NOTÍCIA
Para coordenador de grupo da UFMG e novo consultor do Inep, ensino público está longe de poder ser prejudicado por condicionar recursos orçamentários ao desempenho de escolas
Publicado em 10/09/2011
Coordenador do Grupo de Avaliação e Medidas Educacionais da Universidade Federal de Minas Gerais, o professor José Francisco Soares, mestre em Estatística e pós-doutor em Educação, faz parte de um time de pesquisadores que, desde meados dos anos 90, tem trazido uma nova dimensão à educação brasileira: a da avaliação de escolas e sistemas públicos a partir de métricas de desempenho, aferidas por meio de instrumentos como o Saeb e a Prova Brasil.
Desde o início do ano atuando como consultor do Instituto Nacional de Estudos e Pesquisas Educacionais Anísio Teixeira (Inep), Soares acredita que o país já caminhou vários passos na avaliação dos sistemas, mas concorda que ainda há muito que fazer em relação às escolas. E diz na entrevista a seguir, concedida ao editor Rubem Barros, que a educação brasileira ainda está bem distante de um estágio em que possa ser prejudicada por se pautar por métricas de desempenho.
Com a vinculação de recursos ao desempenho, não corremos o risco de ir de um extremo a outro, ou seja, da não existência de métricas para uma educação toda pautada por avaliações?
Falando em educação escolar, é preciso dividi-la em sistemas e escolas. Os sistemas precisam de metas – cognitivas, de acesso, de permanência, de desempenho. As metas para a escola são completamente diferentes. Além dessas, deve haver outras, claras e atingíveis.

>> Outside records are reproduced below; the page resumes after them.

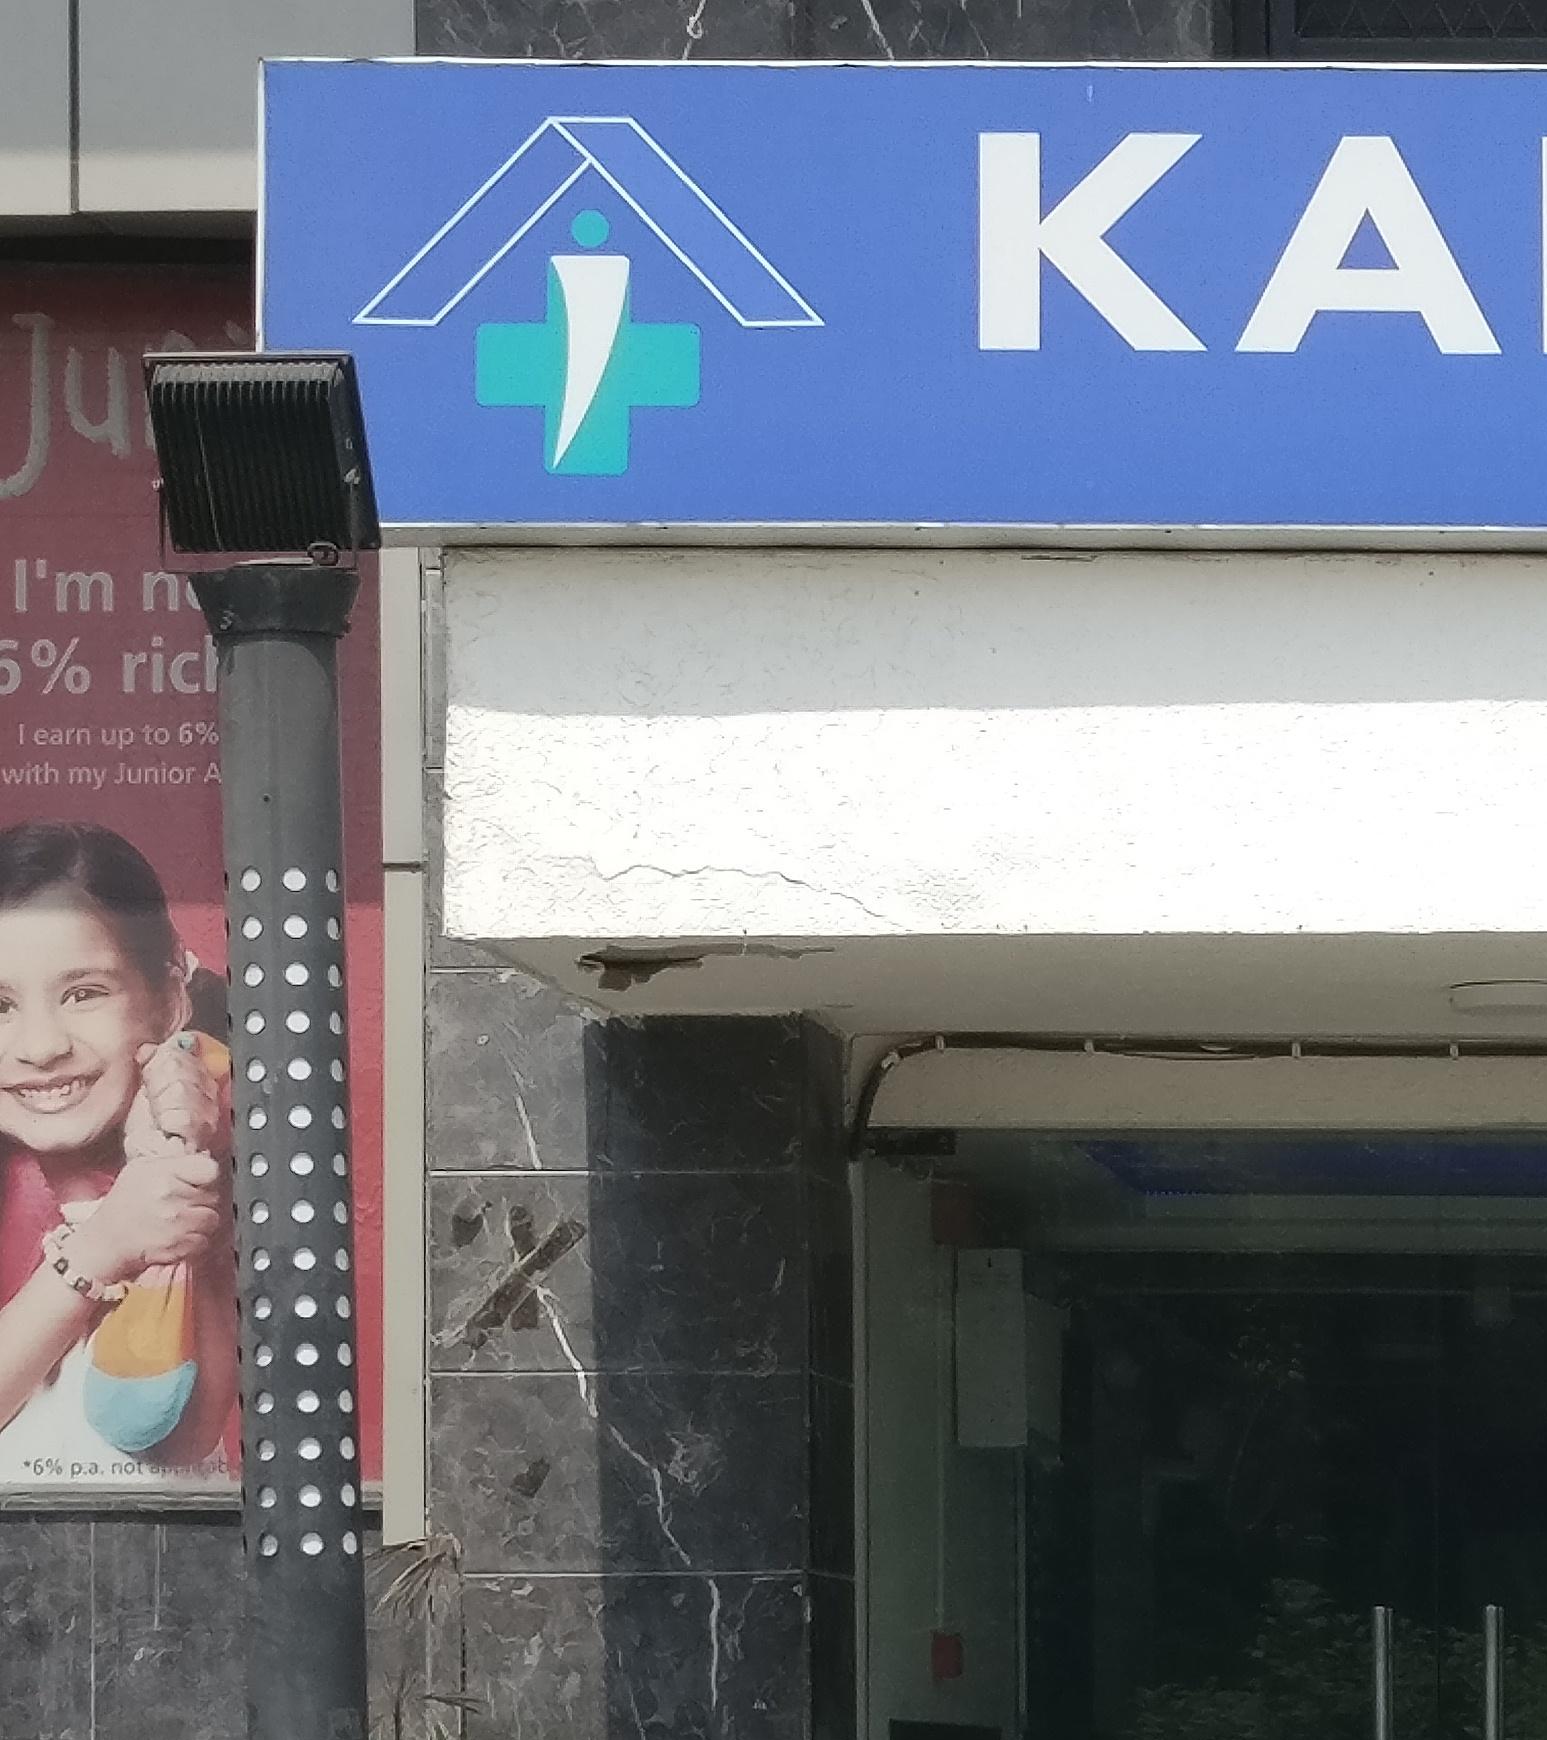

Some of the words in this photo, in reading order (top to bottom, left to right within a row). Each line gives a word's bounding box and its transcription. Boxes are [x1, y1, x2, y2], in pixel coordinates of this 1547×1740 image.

[15, 559, 114, 613] I'm
[142, 571, 202, 612] n
[33, 726, 91, 745] earn
[101, 727, 135, 750] up
[142, 724, 170, 745] to
[178, 721, 220, 746] 6%
[2, 762, 59, 784] with
[67, 766, 107, 790] my
[114, 762, 196, 785] Junior
[111, 1461, 143, 1475] not

A escola existe, além do cognitivo, para a convivência, para o aprendizado de cidadania – várias outras finalidades. Mas é razoável imaginar que uma boa escola atinja metas nesses setores também. O que tem de ficar claro é que o tempo de o sistema escolar e a escola não terem nenhuma dimensão de resultados acabou.
O senhor vislumbra a possibilidade de as avaliações abarcarem outras inteligências que não a lingüística e a lógico-matemática?

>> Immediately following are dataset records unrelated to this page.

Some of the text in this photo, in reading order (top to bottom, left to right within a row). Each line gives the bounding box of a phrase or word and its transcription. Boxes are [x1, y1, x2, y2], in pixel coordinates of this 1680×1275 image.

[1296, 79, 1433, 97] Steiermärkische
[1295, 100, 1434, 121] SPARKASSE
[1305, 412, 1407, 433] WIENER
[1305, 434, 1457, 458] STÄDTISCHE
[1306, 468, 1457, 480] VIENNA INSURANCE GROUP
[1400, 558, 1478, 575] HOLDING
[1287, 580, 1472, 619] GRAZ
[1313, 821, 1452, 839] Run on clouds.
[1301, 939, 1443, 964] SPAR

A avaliação é um processo de registrar os resultados. A idéia de que a escola produz resultados para os alunos e para a sociedade é importante. Não se captam os resultados apenas para uma avaliação formal. Na sala de aula, todo aluno tem o direito de ser avaliado pelo professor. A forma de o professor avaliar o aluno não é sempre a prova e o registro. Freqüentemente, é a observação. Mas é importante que o professor verifique, da maneira que melhor lhe aprouver, se o aluno está caminhando ou não. Essas outras inteligências teriam de passar pelo mesmo tipo de processo. Mas creio que está muito longe de o levantamento estatístico contribuir nesse sentido. O projeto pedagógico não é e não pode se resumir à avaliação. Temos de ter espaço para essas atividades. Mas elas também devem produzir resultados tangíveis para os alunos e para a sociedade. Apenas não vai ser essa avaliação a base que dará a informação da qual se precisa.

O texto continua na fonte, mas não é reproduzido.